Sebanyak 50 peserta yang berasal dari berbagai daerah di Kota Kupang dan sekitarnya mengikuti kegiatan tersebut. Para peserta yang berusia antara 3 hingga 21 tahun mendapatkan layanan khitan secara gratis yang ditangani oleh tenaga medis profesional.
Kegiatan berlangsung dengan penuh kehangatan dan mendapat sambutan antusias dari para orang tua peserta. Selain memperoleh layanan kesehatan, peserta juga merasakan perhatian dan kepedulian dari jajaran Kejati NTT yang hadir langsung menyapa serta memberikan semangat kepada anak-anak yang mengikuti khitanan massal.
Dalam sambutannya, Kepala Kejaksaan Tinggi NTT, Roch Adi Wibowo, menyampaikan apresiasi kepada seluruh pihak yang telah bekerja sama sehingga kegiatan sosial tersebut dapat terlaksana dengan baik.
“Kami menyampaikan terima kasih kepada seluruh pihak, khususnya Ikatan Adhyaksa Dharmakarini Wilayah NTT dan Dompet Dhuafa NTT, yang telah berkolaborasi dalam kegiatan ini. Semoga sinergi yang baik ini dapat terus berlanjut dan menjangkau lebih banyak masyarakat yang membutuhkan,” ujar Roch Adi Wibowo.
Ia menegaskan bahwa Kejaksaan tidak hanya menjalankan fungsi sebagai lembaga penegak hukum, tetapi juga memiliki tanggung jawab moral untuk hadir memberikan manfaat bagi masyarakat melalui berbagai kegiatan sosial.

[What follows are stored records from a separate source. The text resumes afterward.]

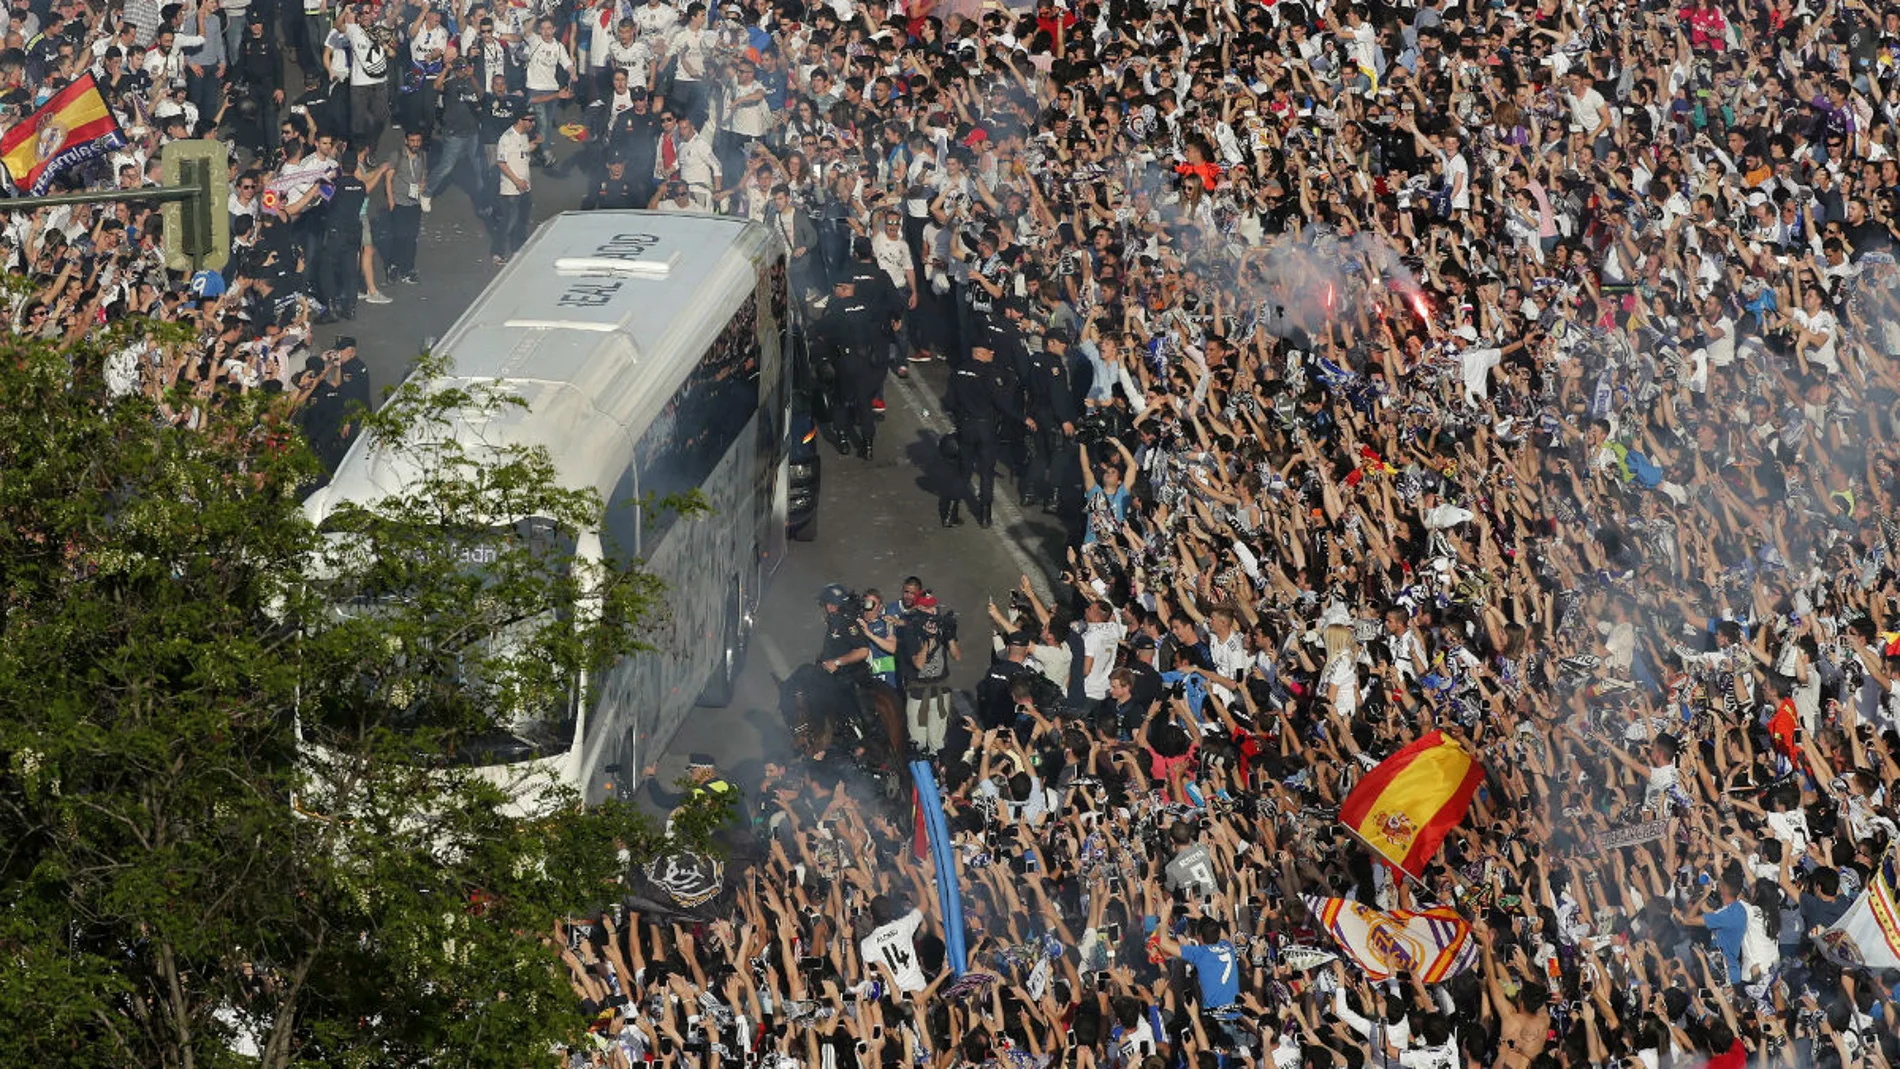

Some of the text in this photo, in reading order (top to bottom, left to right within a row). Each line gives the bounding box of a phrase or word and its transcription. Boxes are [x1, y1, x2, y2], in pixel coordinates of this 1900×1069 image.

[1190, 861, 1215, 890] 9
[881, 943, 911, 977] 14
[1217, 951, 1233, 985] 7
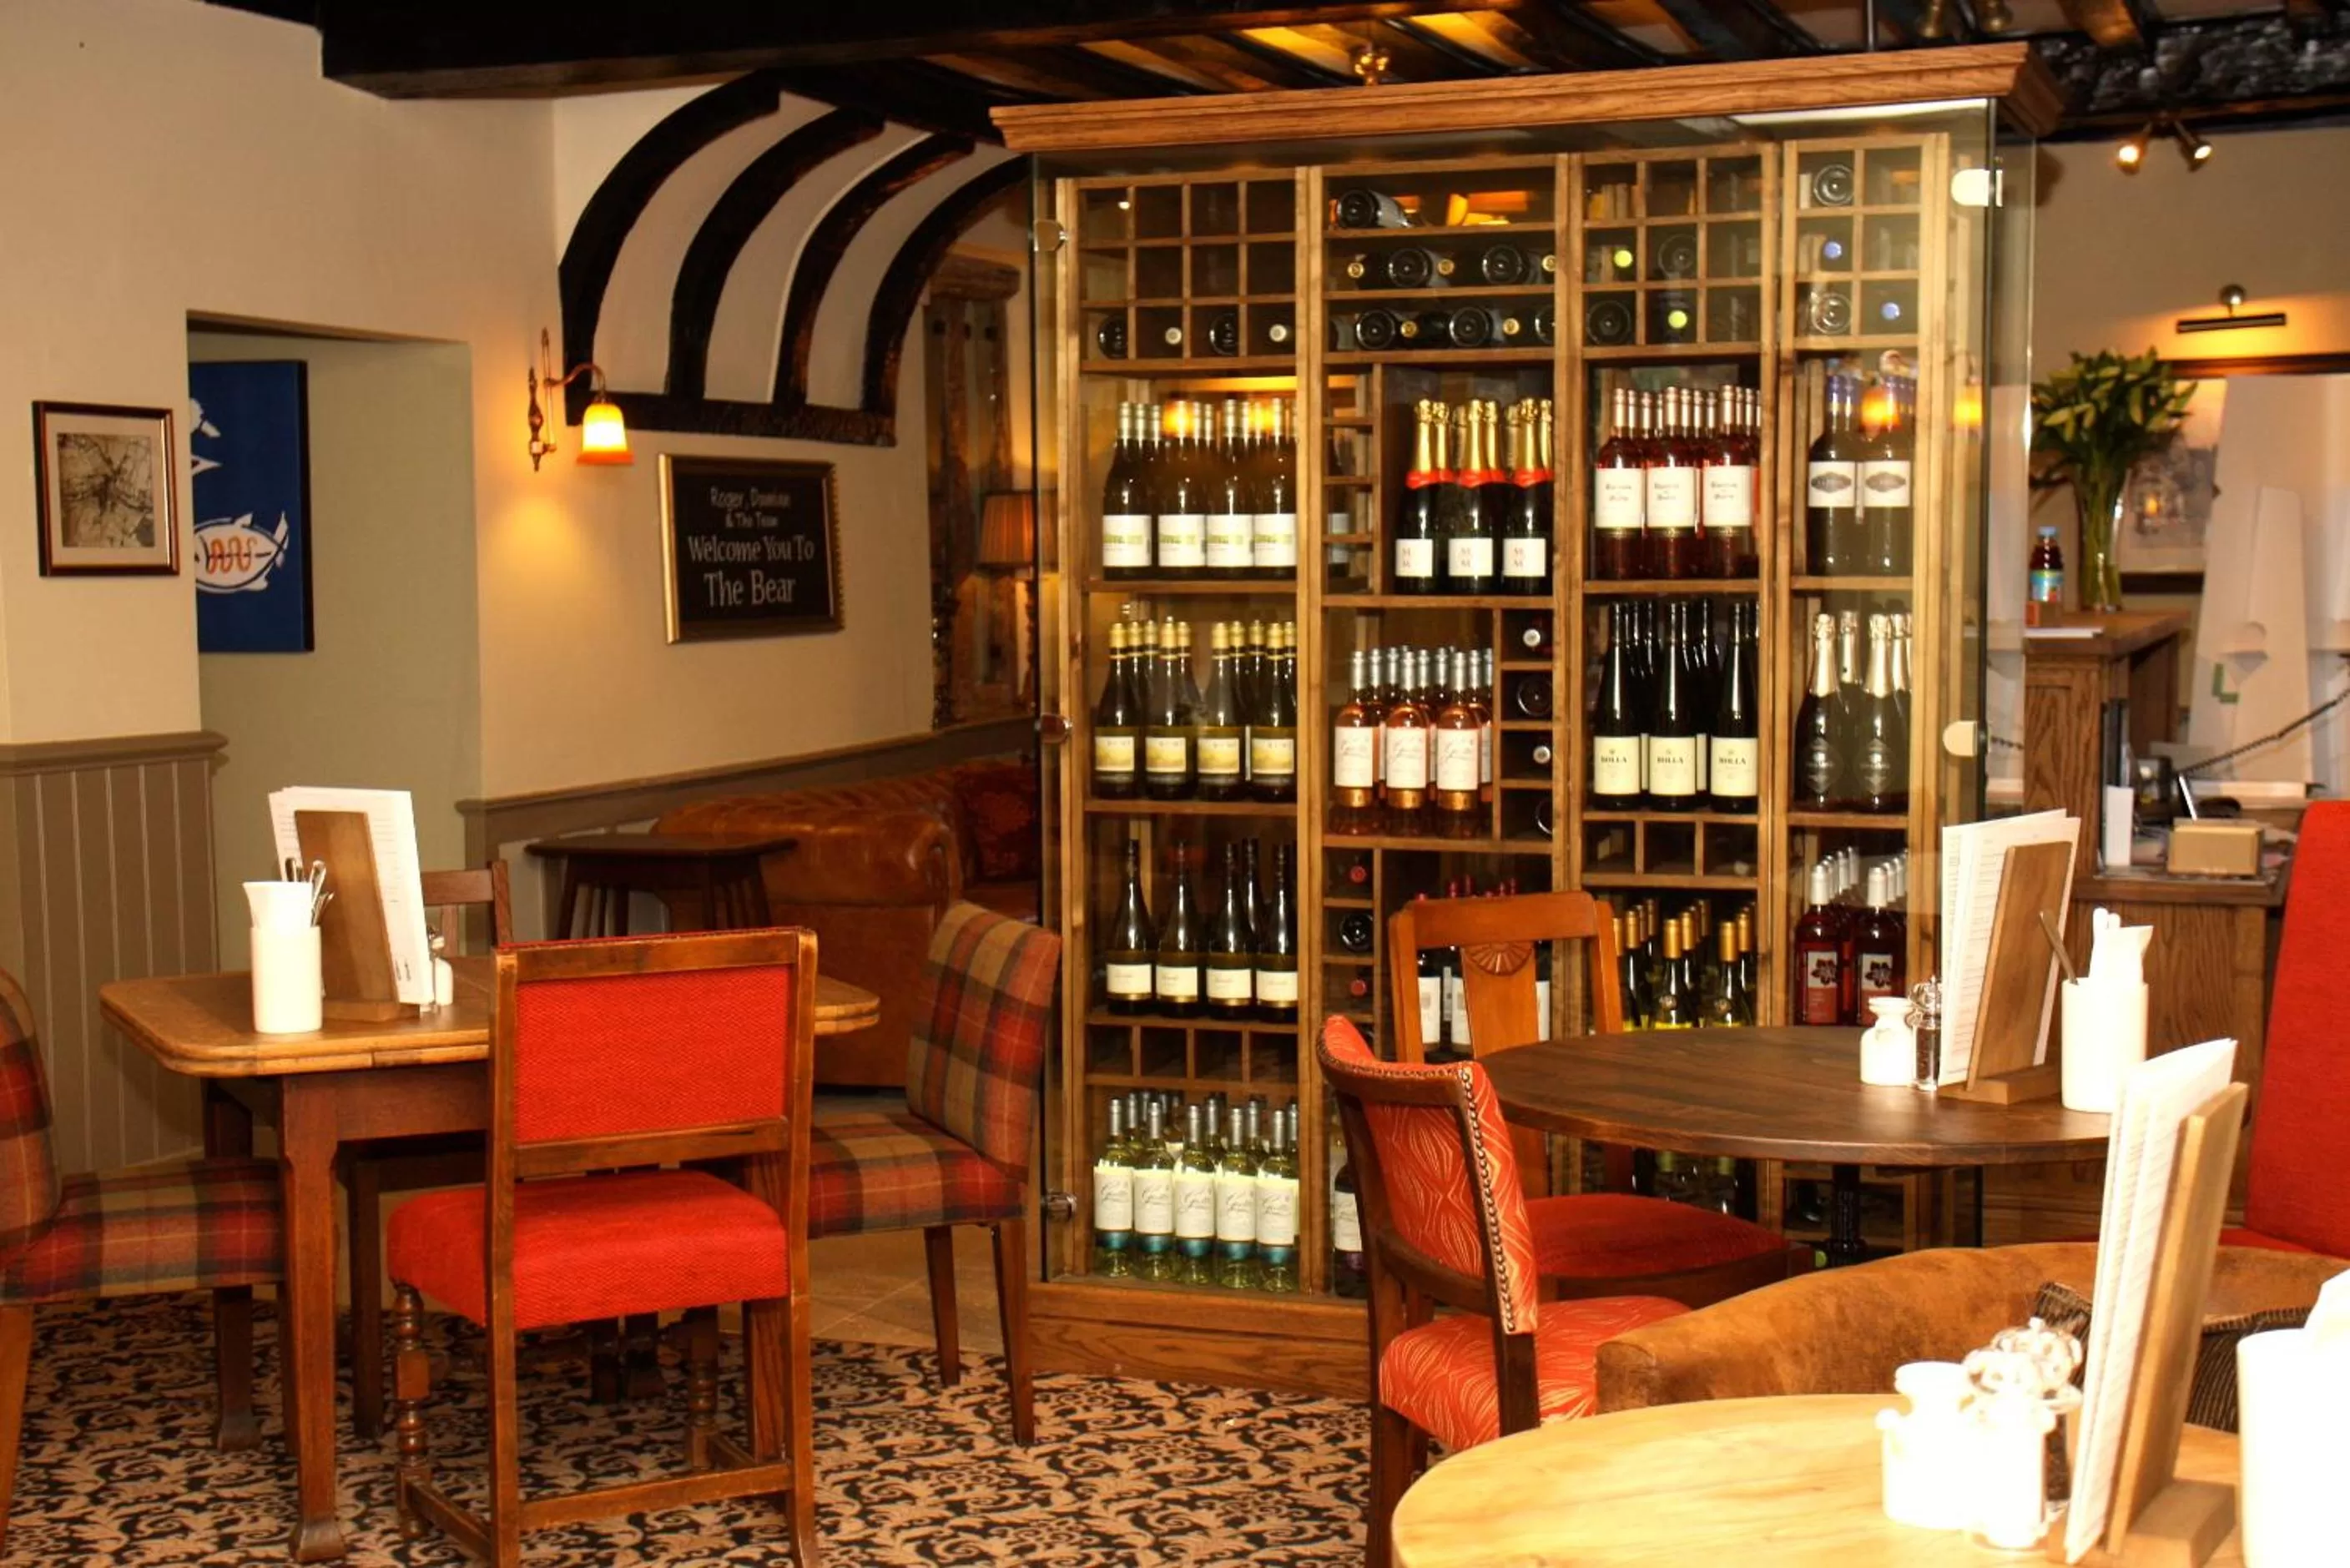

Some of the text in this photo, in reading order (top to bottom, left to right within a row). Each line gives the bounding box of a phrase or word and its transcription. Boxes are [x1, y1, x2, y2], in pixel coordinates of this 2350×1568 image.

[734, 512, 753, 527] The
[688, 533, 815, 562] Welcome You To
[703, 569, 796, 608] The Bear
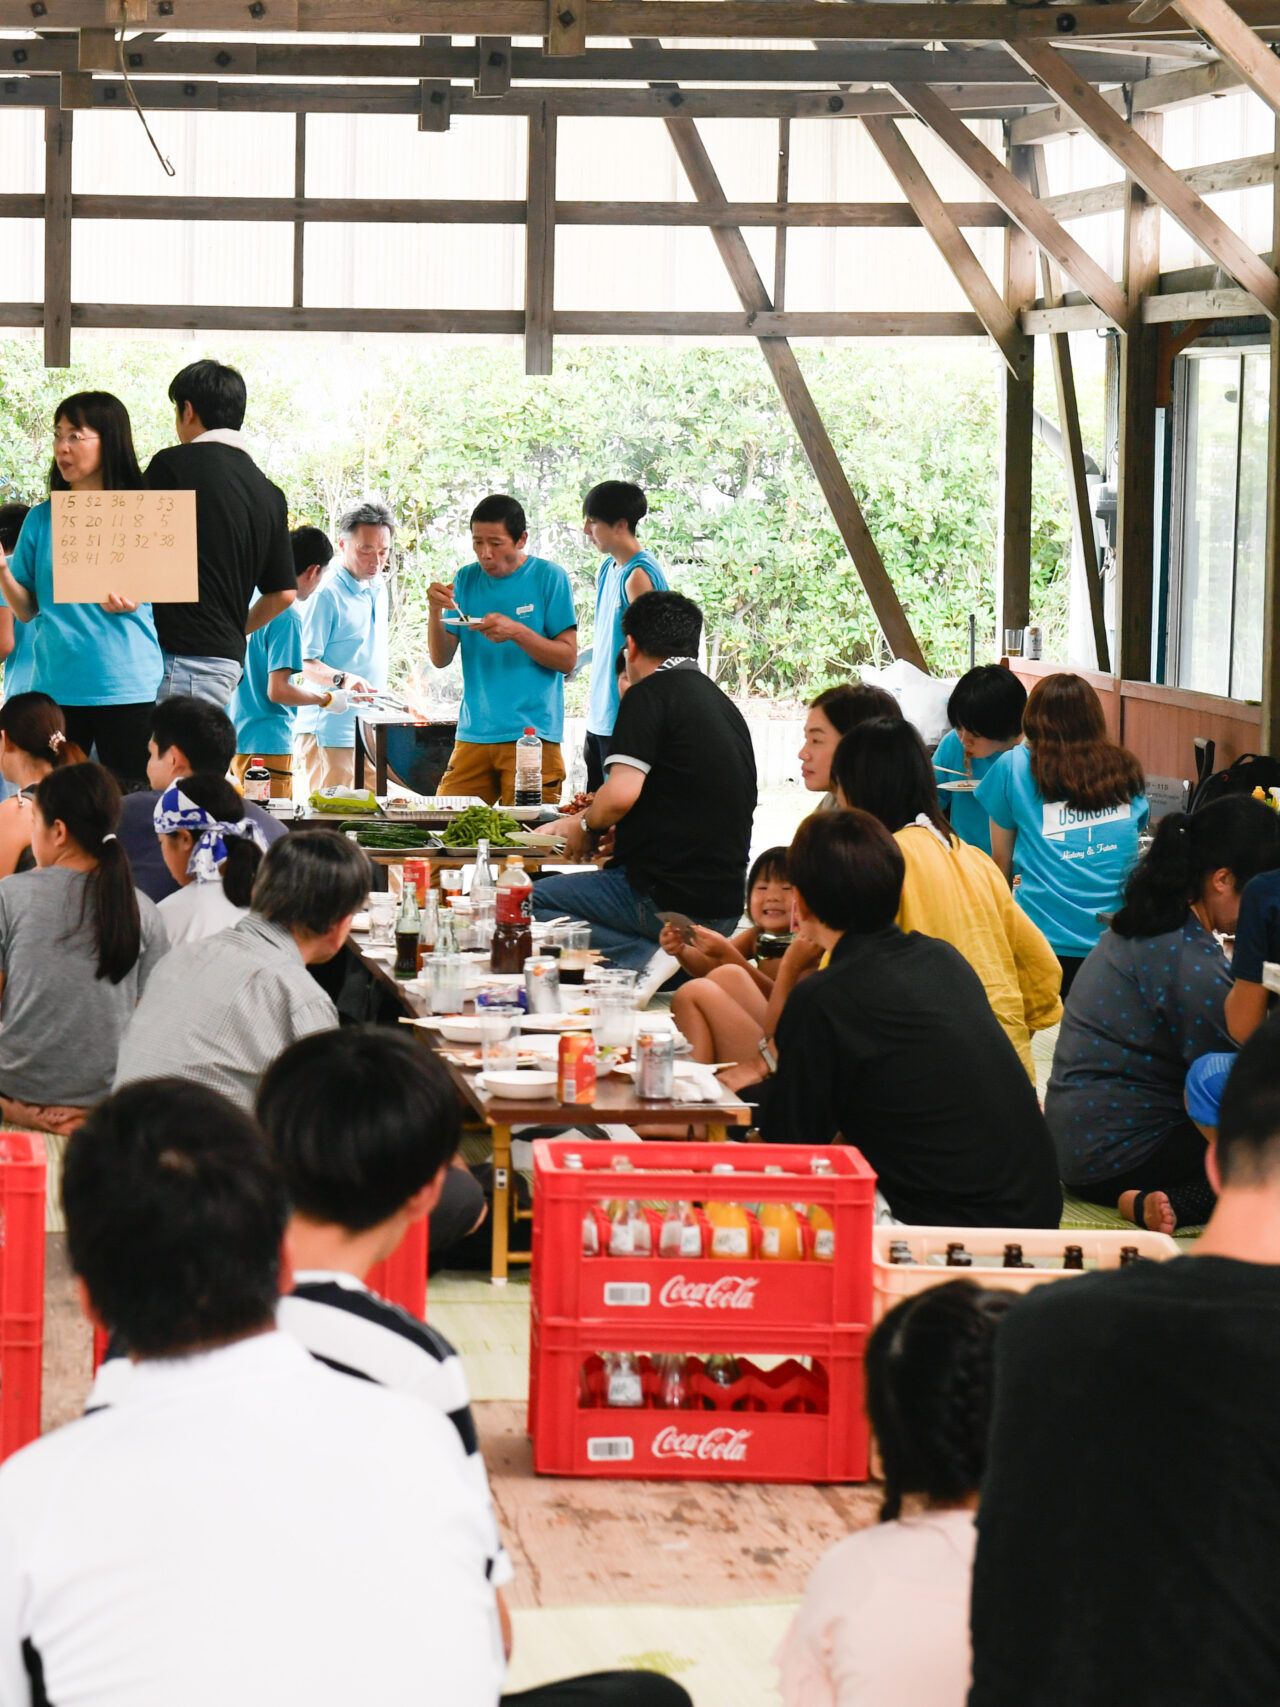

“Kami ingin menunjukkan bahwa Kejaksaan hadir bukan hanya dalam penegakan hukum, tetapi juga sebagai bagian dari masyarakat yang peduli terhadap persoalan sosial. Melalui kegiatan seperti ini, kami berharap dapat membantu meringankan beban masyarakat sekaligus mempererat hubungan antara Kejaksaan dan warga,” tambahnya.
Kolaborasi antara Kejati NTT, IAD Wilayah NTT, dan Dompet Dhuafa NTT diharapkan menjadi langkah berkelanjutan dalam menghadirkan program-program kemanusiaan yang berdampak langsung bagi masyarakat, khususnya di bidang kesehatan dan kesejahteraan sosial.
Kegiatan bakti sosial tersebut ditutup dengan penyerahan bingkisan kepada para peserta sebagai bentuk perhatian dan dukungan, disertai harapan agar anak-anak yang telah mengikuti khitanan dapat tumbuh sehat, percaya diri, dan menjadi generasi yang bermanfaat bagi keluarga, masyarakat, serta bangsa.(Sys/ST).